-------- ENTRIES SUPPLIED
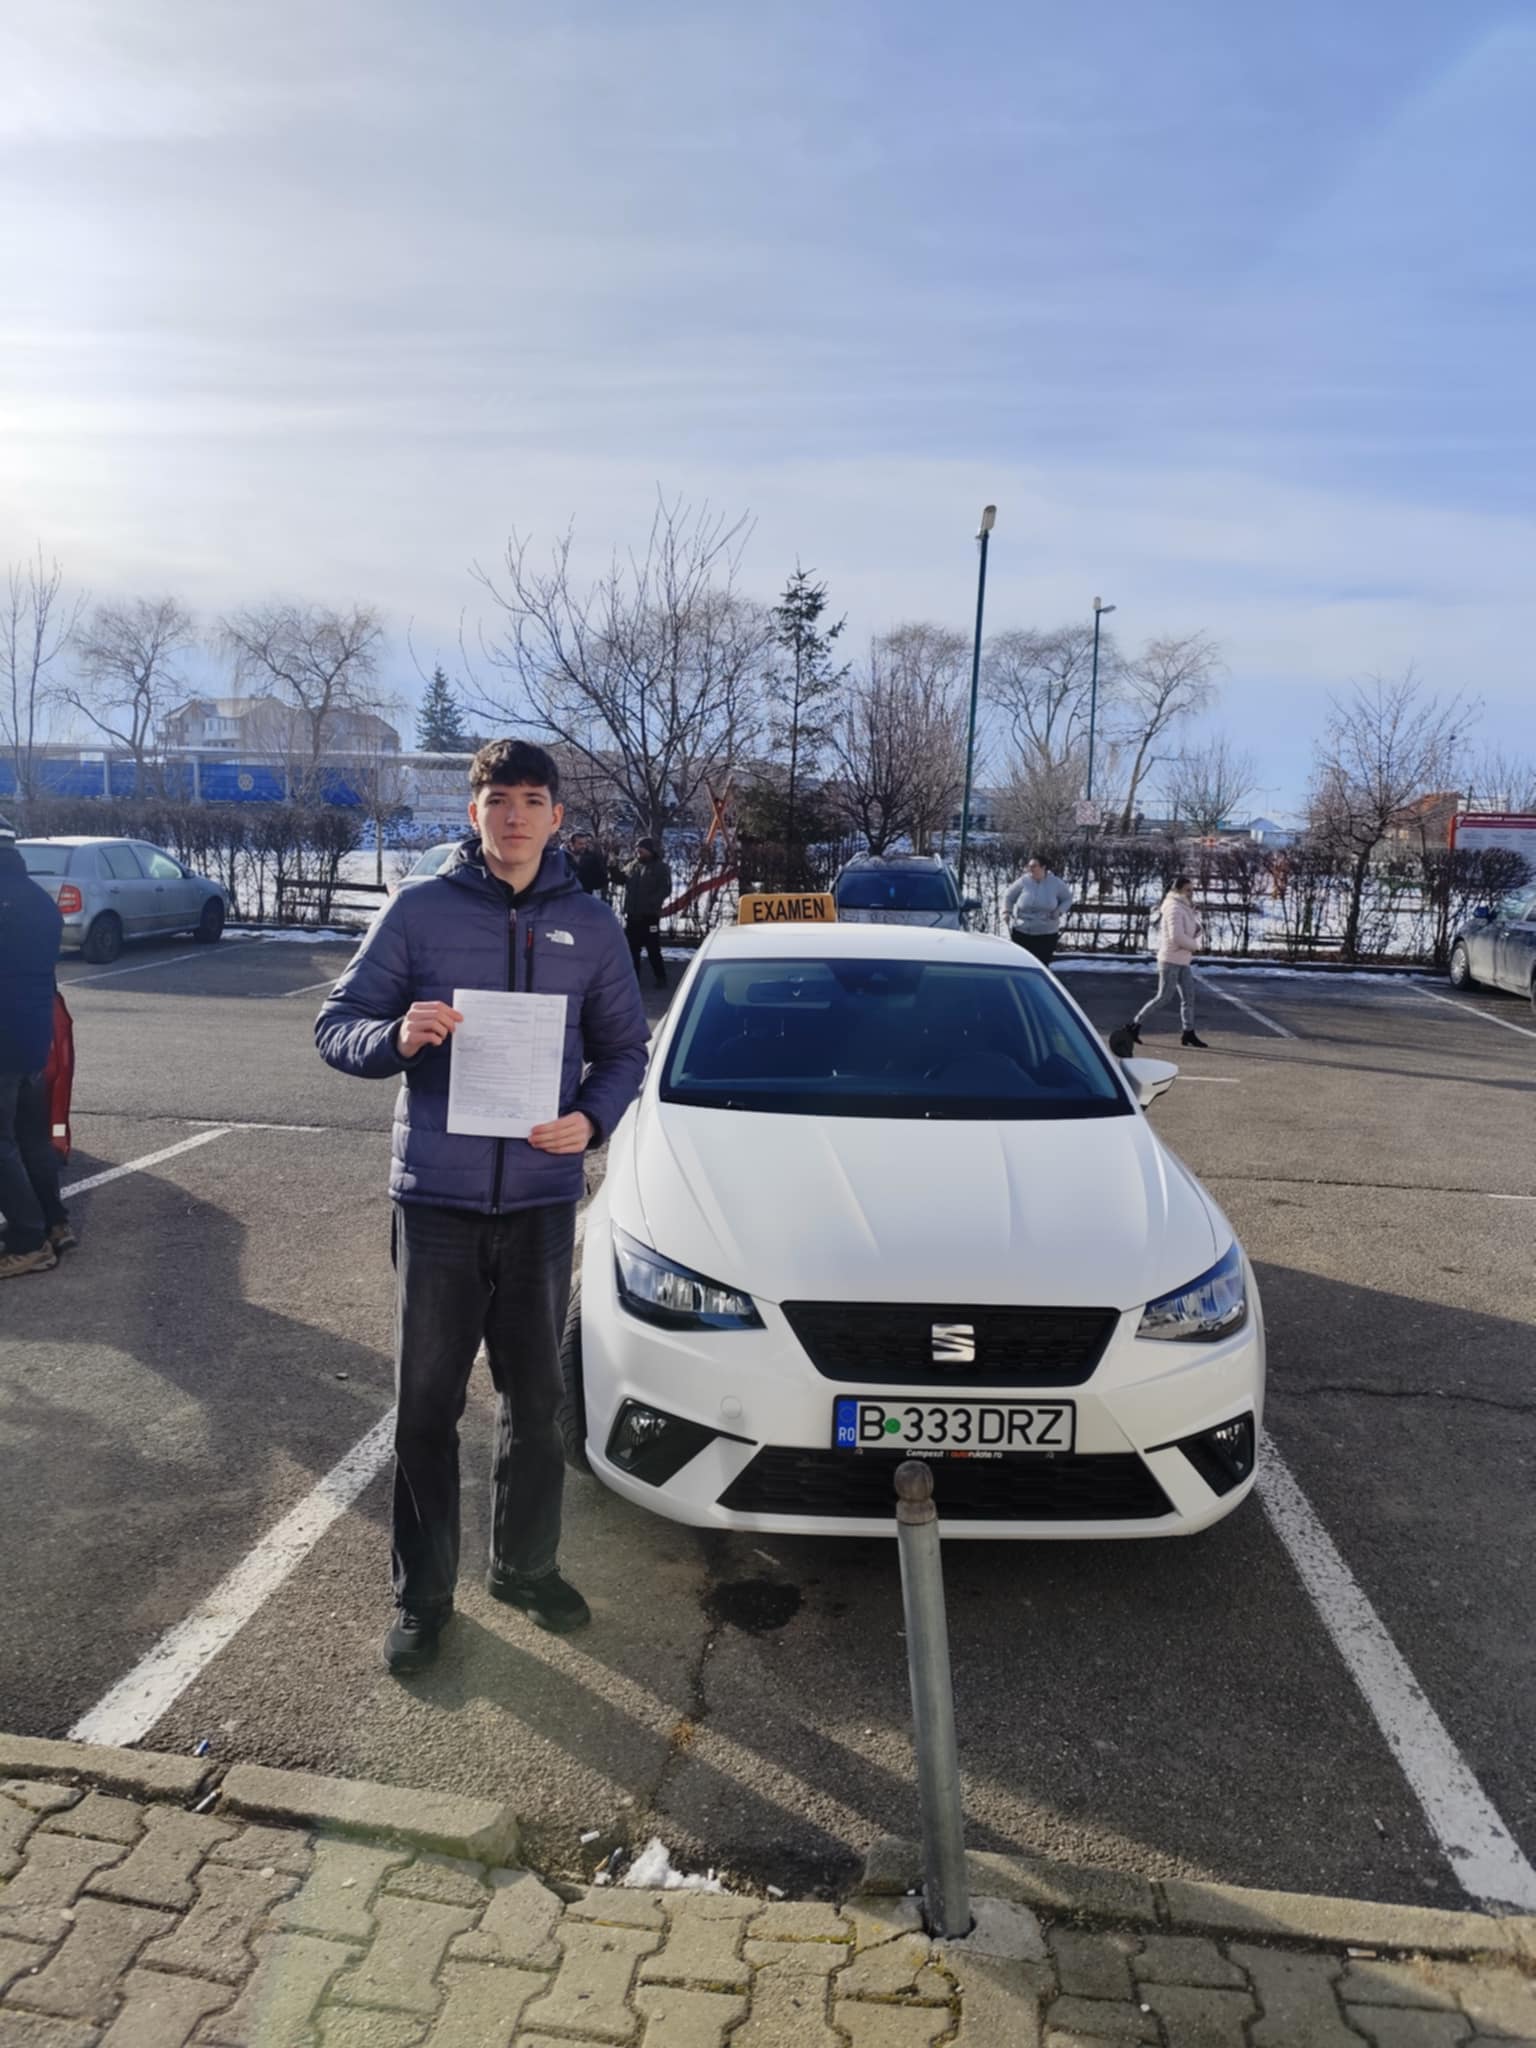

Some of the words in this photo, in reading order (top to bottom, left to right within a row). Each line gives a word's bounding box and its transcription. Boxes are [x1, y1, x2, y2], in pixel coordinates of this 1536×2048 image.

[753, 898, 825, 922] EXAMEN
[839, 1426, 855, 1441] RO
[859, 1404, 886, 1441] B
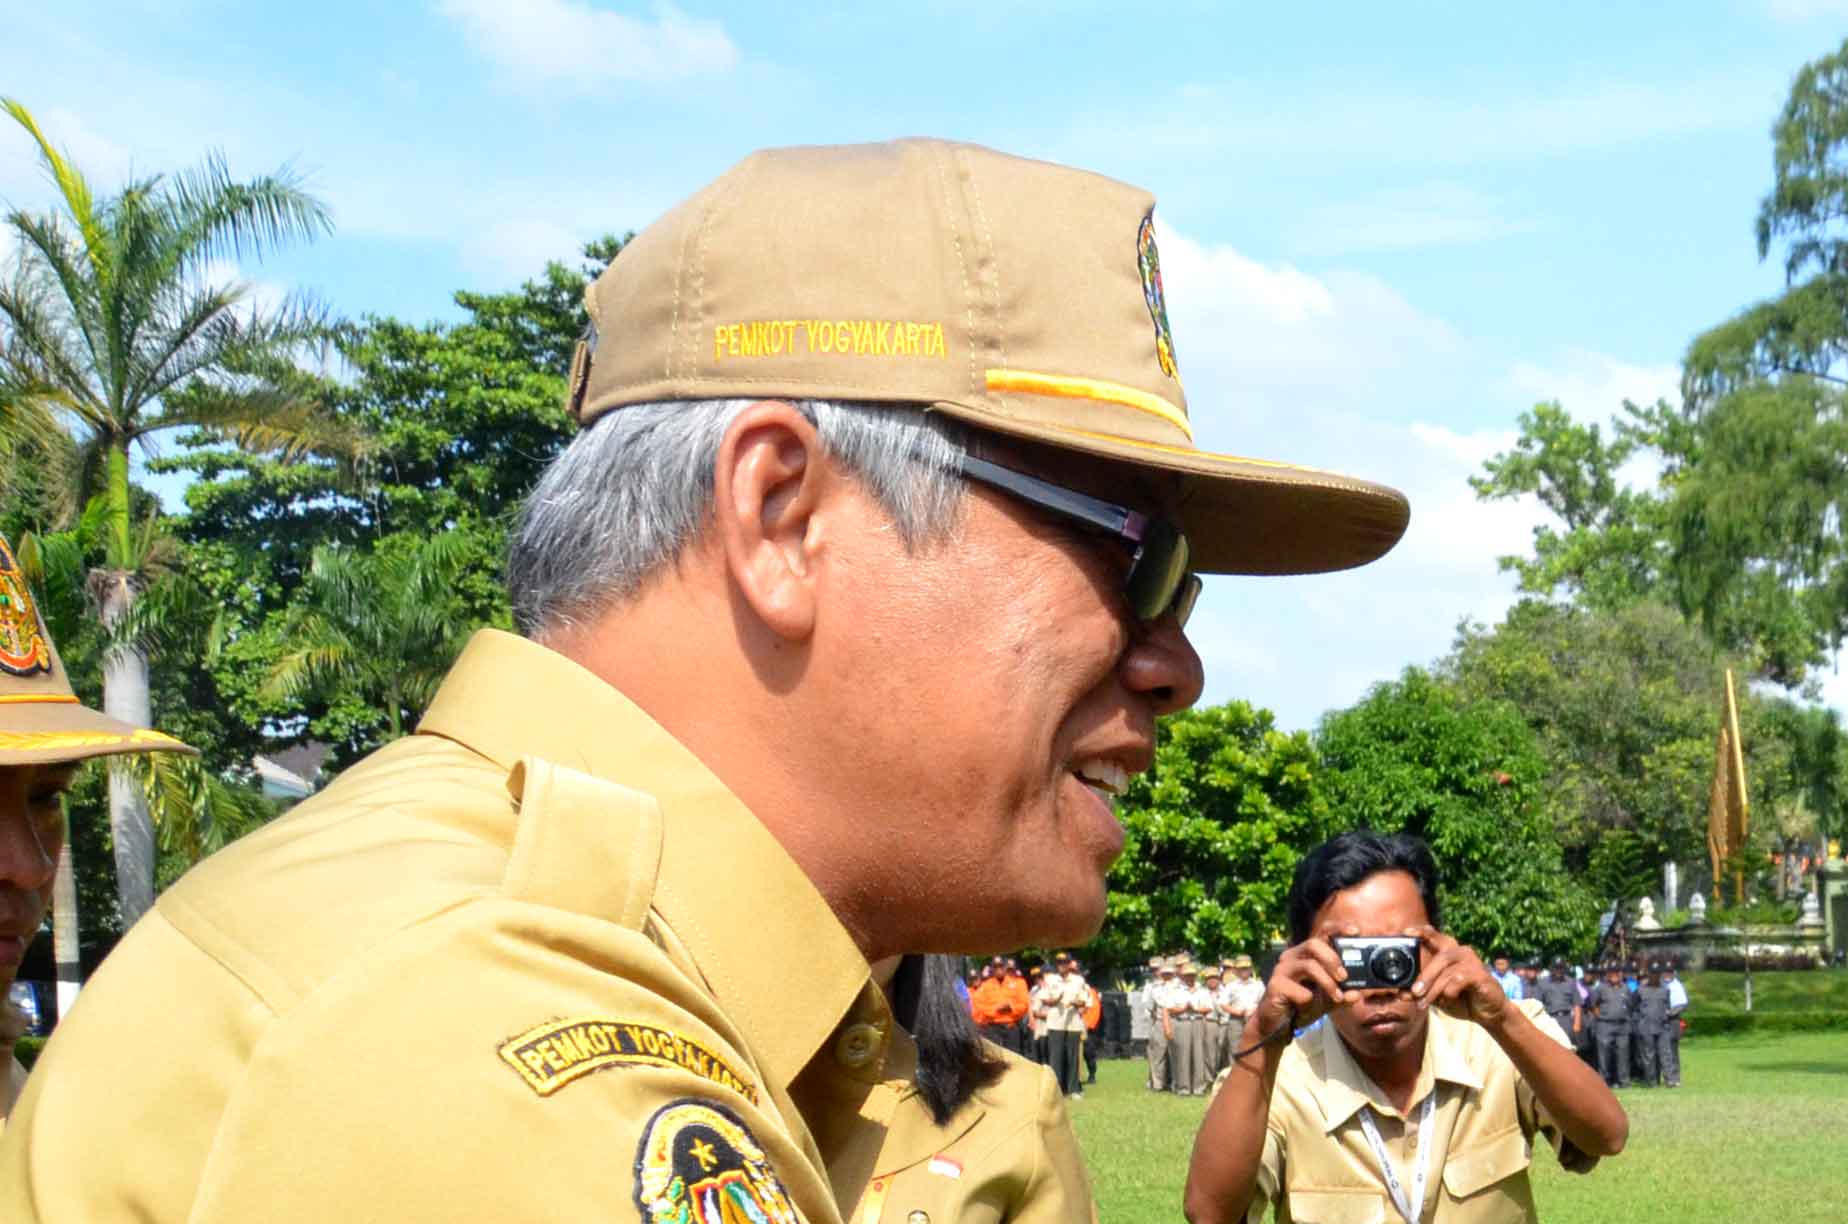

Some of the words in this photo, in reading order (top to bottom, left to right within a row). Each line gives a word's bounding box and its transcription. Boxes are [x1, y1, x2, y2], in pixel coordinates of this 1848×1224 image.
----------------
THE PROBLEM:
Keep the pictures out while you retype all of the data above exactly as it appears.

REPLY:
Some of the words in this photo, in reading order (top to bottom, left to right within a row). Each line gives a word's bounding box and its transcription. Boxes are [x1, y1, x2, y2], in pixel coordinates of this 1536×2048 image.

[753, 898, 825, 922] EXAMEN
[839, 1426, 855, 1441] RO
[859, 1404, 886, 1441] B

Some of the words in this photo, in reading order (top to bottom, left to right within a row). Each line gives a word's bounding box and its transcription. Boxes are [x1, y1, x2, y2], in pixel coordinates of this 1848×1224 image.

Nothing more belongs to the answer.